• [What is being asked]:
Start to finish, write out the entries exactly, leaving the pictures aside.

Records for the task Block Start

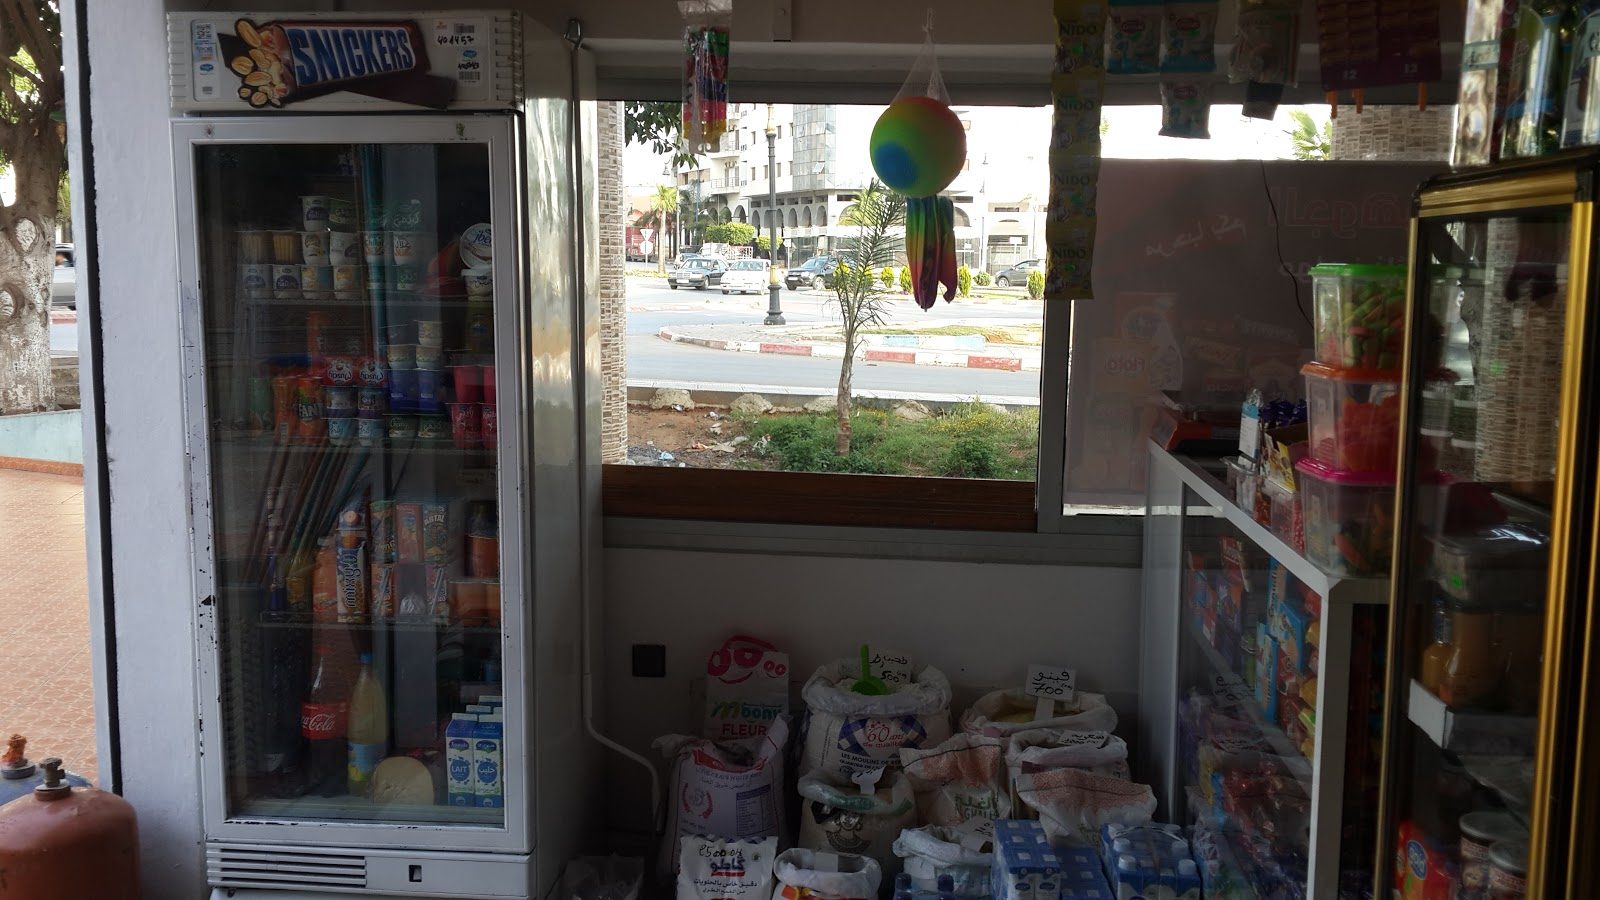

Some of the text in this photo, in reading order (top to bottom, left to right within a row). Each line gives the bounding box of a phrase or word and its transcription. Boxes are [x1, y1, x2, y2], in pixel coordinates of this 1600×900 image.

[1059, 22, 1098, 37] NIDO
[286, 26, 414, 85] SNICKERS
[1057, 98, 1095, 112] NIDO
[1054, 173, 1091, 186] NIDO
[473, 229, 492, 245] jbe
[1051, 246, 1087, 259] NIDO
[1032, 682, 1064, 695] 700
[722, 723, 767, 736] FLEUR
[867, 726, 890, 743] 60
[451, 765, 467, 773] LAIT
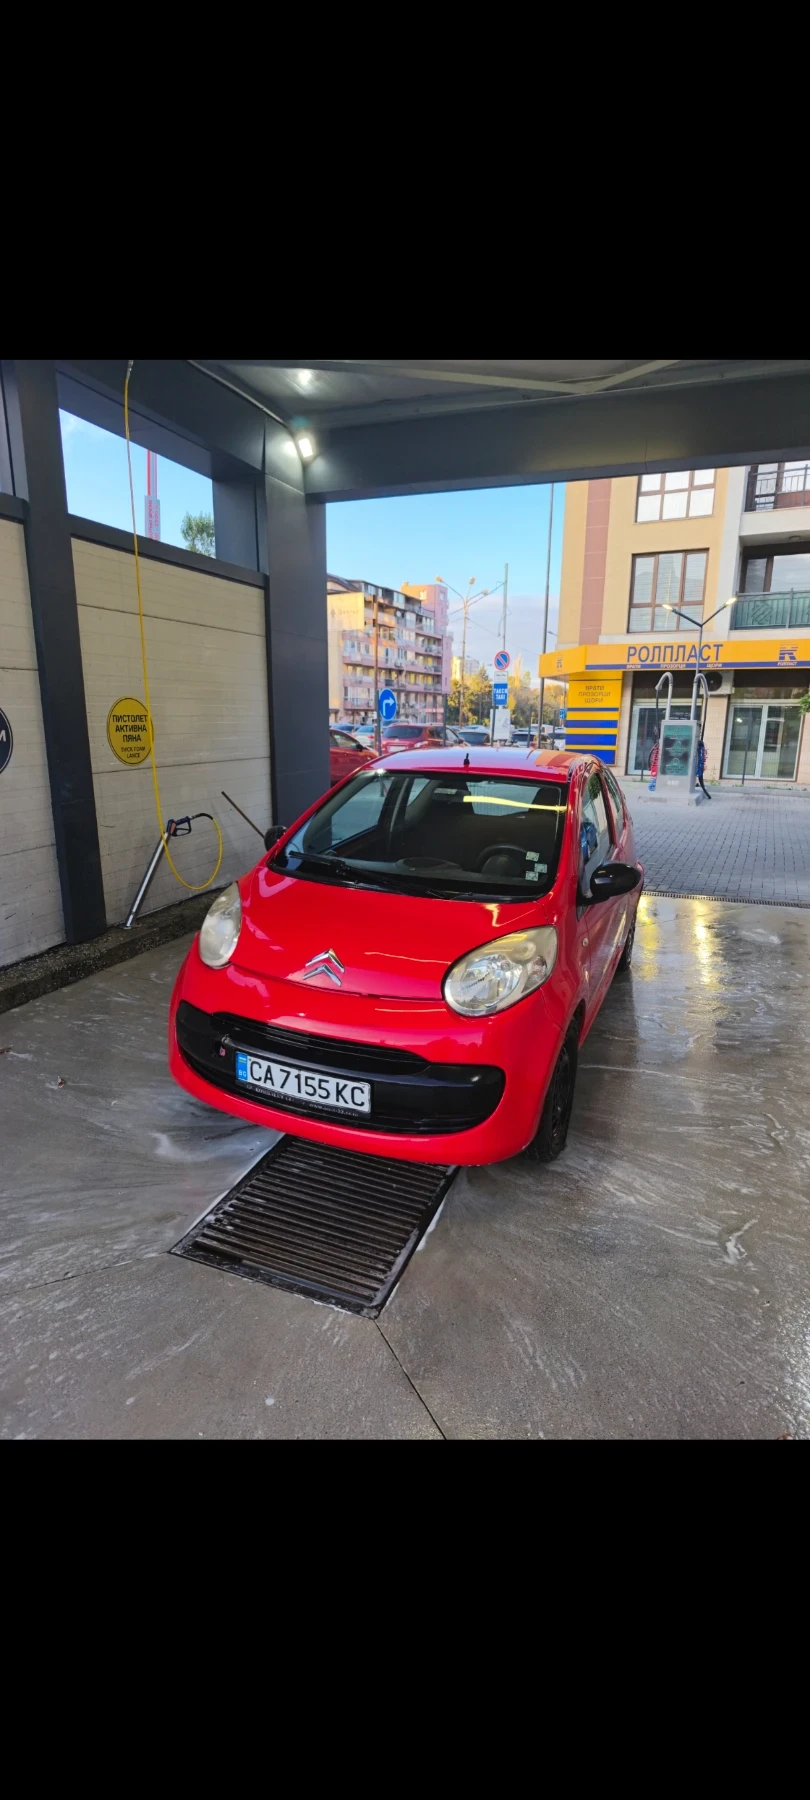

Records for the task Block End

• [Expected output]:
Some of the text in this photo, in reading order (top to bottom, left to right within a row). Each line gives the bounding box of a phrase or word and its transcription. Boxes are [x1, y1, x2, y2], in pixel coordinates of this 1600×900 image.

[1059, 22, 1098, 37] NIDO
[286, 26, 414, 85] SNICKERS
[1057, 98, 1095, 112] NIDO
[1054, 173, 1091, 186] NIDO
[473, 229, 492, 245] jbe
[1051, 246, 1087, 259] NIDO
[1032, 682, 1064, 695] 700
[722, 723, 767, 736] FLEUR
[867, 726, 890, 743] 60
[451, 765, 467, 773] LAIT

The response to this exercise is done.